This scenario of hunting down and interdicting migrants in the ocean may sound like the stuff of Trumpian nightmares, but the simulation was carried out in 2015 under the administration of President Barack Obama, whom pundits celebrated for his identification of climate change as a “national security” threat. The exercise, which took place as record numbers of refugees were drowning in the Mediterranean, was not unique to Obama: It was carried out before and after his administration, in a number of forms, part of broad efforts of the US security state to prepare for, as the 2022 National Security Strategy put it, “the existential challenge of our time.”

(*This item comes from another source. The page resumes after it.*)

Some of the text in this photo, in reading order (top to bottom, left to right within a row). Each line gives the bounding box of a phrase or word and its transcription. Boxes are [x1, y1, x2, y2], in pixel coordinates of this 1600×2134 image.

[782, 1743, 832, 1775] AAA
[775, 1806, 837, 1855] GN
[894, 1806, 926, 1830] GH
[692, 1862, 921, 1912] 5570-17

Treating climate change as a “national security threat” may seem like wise environmental policy, and indeed many liberal environmental and climate groups have welcomed this nice-sounding embrace by the national security state. The military and deportation apparatuses are, after all, consistently well-funded and resourced US bodies, and them “taking climate seriously” gives a sense of progress: If the hard-nosed military is doing something about this, then maybe the rest of the society will be right behind.. But the reality has played out differently. The vast bulk of resources are not spent on mitigation, much less reducing carbon extraction and emissions, but on defending the United States and its allies against unrest, mass migration, and potential resource conflicts.

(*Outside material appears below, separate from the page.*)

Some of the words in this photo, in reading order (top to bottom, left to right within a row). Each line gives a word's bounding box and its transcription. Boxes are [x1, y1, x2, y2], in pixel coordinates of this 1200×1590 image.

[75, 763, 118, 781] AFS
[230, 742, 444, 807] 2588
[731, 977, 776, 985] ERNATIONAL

The Pentagon and Department of Homeland Security do not exist to foster global cooperation to mitigate and adapt to the shared crises. They are bodies most adept at killing, disappearing, and surveilling. And they have become the country’s main vehicles for responding to social crises and destabilization. Under both Democratic and Republican administrations, the US government has underinvested in civilian responses to climate change and instead focused its resources on shoring up fortress America.

While the Trump administration is scrubbing official mentions of climate change, its belligerent military actions abroad and ICE occupations at home are, in fact, climate policies: They’re showcasing how the US state is orienting itself in regards to displacement, hardship, and the very idea of global cooperation toward a shared end. US society is getting a look into the logical conclusion of using might to respond to suffering and social upheaval.

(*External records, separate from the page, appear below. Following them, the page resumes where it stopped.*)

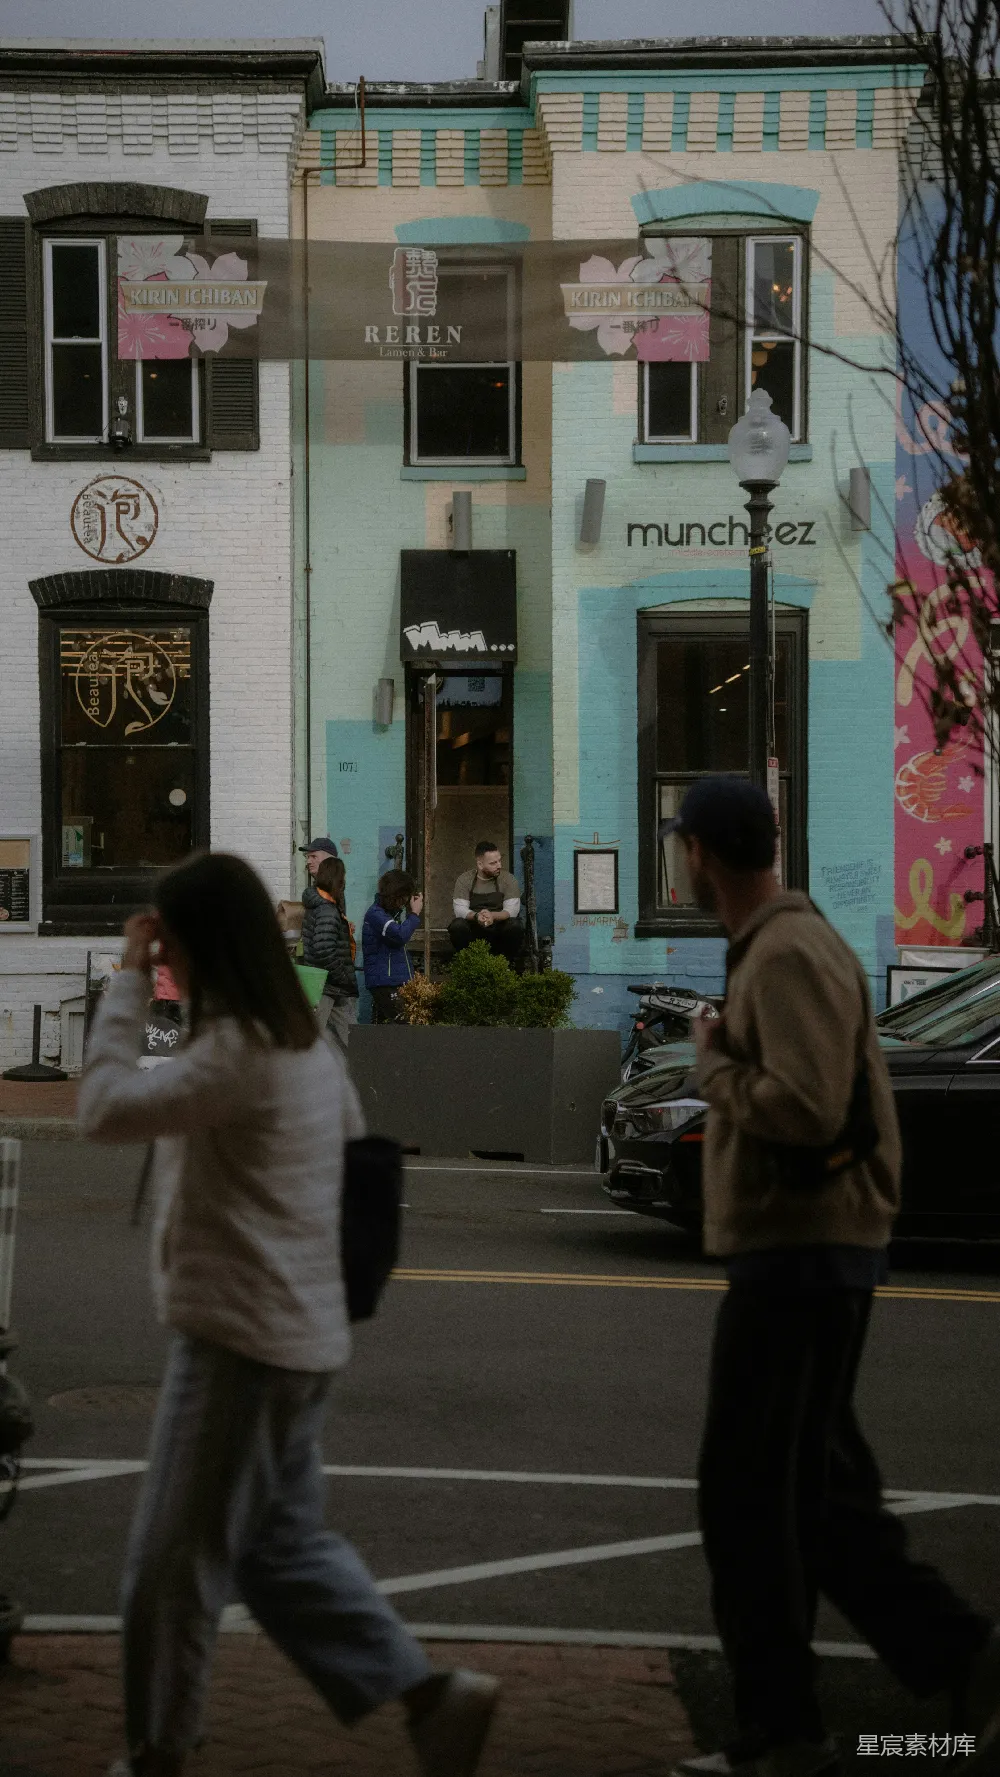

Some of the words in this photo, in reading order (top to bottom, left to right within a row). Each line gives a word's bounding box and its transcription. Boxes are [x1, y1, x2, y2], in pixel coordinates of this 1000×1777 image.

[130, 288, 180, 305] KIRIN
[184, 288, 258, 305] ICHIBAN
[571, 291, 621, 307] KIRIN
[627, 290, 700, 307] ICHIBAN
[364, 325, 462, 344] REREN
[380, 346, 415, 357] Lamen
[417, 346, 426, 357] &
[429, 346, 448, 357] Bar
[87, 653, 100, 717] Beautea
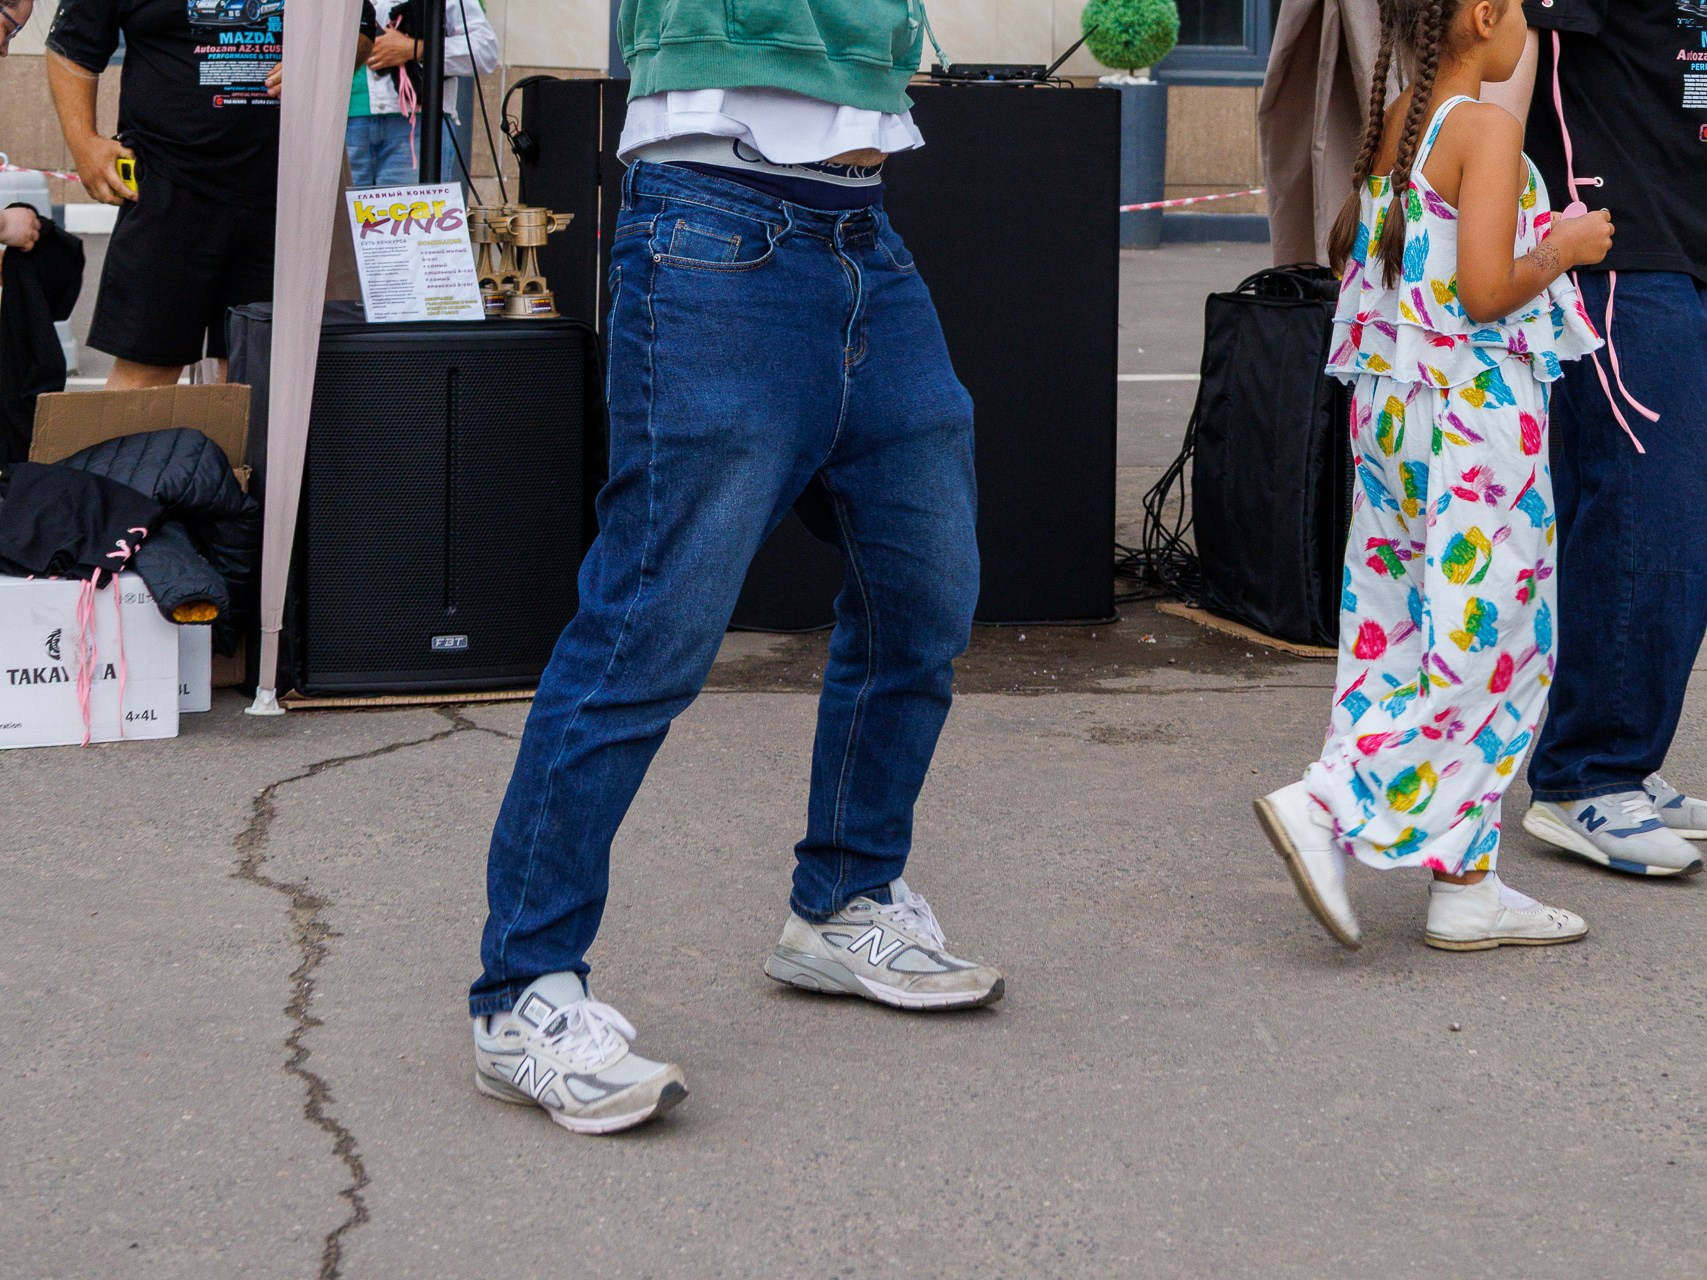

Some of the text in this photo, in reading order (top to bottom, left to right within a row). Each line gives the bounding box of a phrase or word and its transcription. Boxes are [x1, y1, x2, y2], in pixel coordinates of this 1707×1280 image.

[194, 44, 283, 54] Autozam AZ-1 CUS
[219, 31, 275, 44] MAZDA
[358, 188, 450, 200] ГЛАВНЫЙ КОНКУРС
[353, 200, 446, 224] k-car
[360, 208, 463, 239] KING
[434, 637, 465, 648] FBT
[1576, 804, 1609, 834] N
[847, 925, 906, 967] N
[512, 1055, 558, 1100] N

The stories of children detained at a concentration camp in Dilley, Texas; of a lawn mower left idling because the man driving it has been abducted and disappeared; of ICE observers shot dead in the street—are stories of climate crisis.

If you take all of the climate spending of the US government, it amounts to roughly $40 billion a year, according to Lindsay Koshgarian, program director for the National Priorities Project. This number comes from the climate investments in the Inflation Reduction Act, the biggest source of climate spending, and is very much a ballpark estimate. “Climate spending is so complex and scattered throughout the budget,” Koshgarian explained. “This doesn’t include Trump’s significant cuts to climate spending, but it also doesn’t include a variety of relatively small programs that exist across multiple agencies and aren’t always clearly identified.”

The $40 billion figure includes money for questionable programs like carbon capture and alternative fuels, and it also includes tax incentives for private industry. This is not, in other words, a budget that exclusively reflects efforts to keep fossil fuels in the ground, which is what scientists say we need to do if we want to stave off the worst scenarios of climate change. But the $40 billion number can give us a sense of where our priorities lie.

For comparison, Congress approved a military budget of more than $1 trillion for the federal year of 2026. This includes $167.5 billion to buy major weapons systems and $145.9 billion to research, develop, and test weapons platforms, bringing the total spent on weapons purchase and research to $313 billion, according to Koshgarian. That means that weapons companies—the same corporations whose bombs are dropping on Iran—got nearly eight times as much public funding as climate programs.

More than half of the annual federal discretionary budget goes toward militarized arms of the state, which also includes the vast deportation apparatus. If Congress passes additional funding at 2025 levels, the combined budget of Customs and Border Protection and Immigration and Customs Enforcement for the federal year of 2026 will be $64.9 billion. That’s 162 percent of the amount spent on the climate spending.

“The Trump administration has really intensified those long-standing trends around gutting of state capacity for anything other than war and violence, gutting civilian and regulatory functions of the state,” said Lorah Steichen, policy manager for global systems and policy at the Climate and Community Institute, a progressive climate and economic research think tank.

Spending disparities predate the current era. From 2013 to 2018, CBP and ICE had combined budgets of $19.6 billion per year, Todd Miller, Nick Buxton, and Mark Akkerman note in a 2021 report for the Transnational Institute. In contrast, the United States spent an annual average of $1.1 billion on climate finance, which refers to grants and concessional funding sent to Global South countries to help them mitigate and adapt to climate change, and assist people who need to move across borders in order to survive its devastating impacts.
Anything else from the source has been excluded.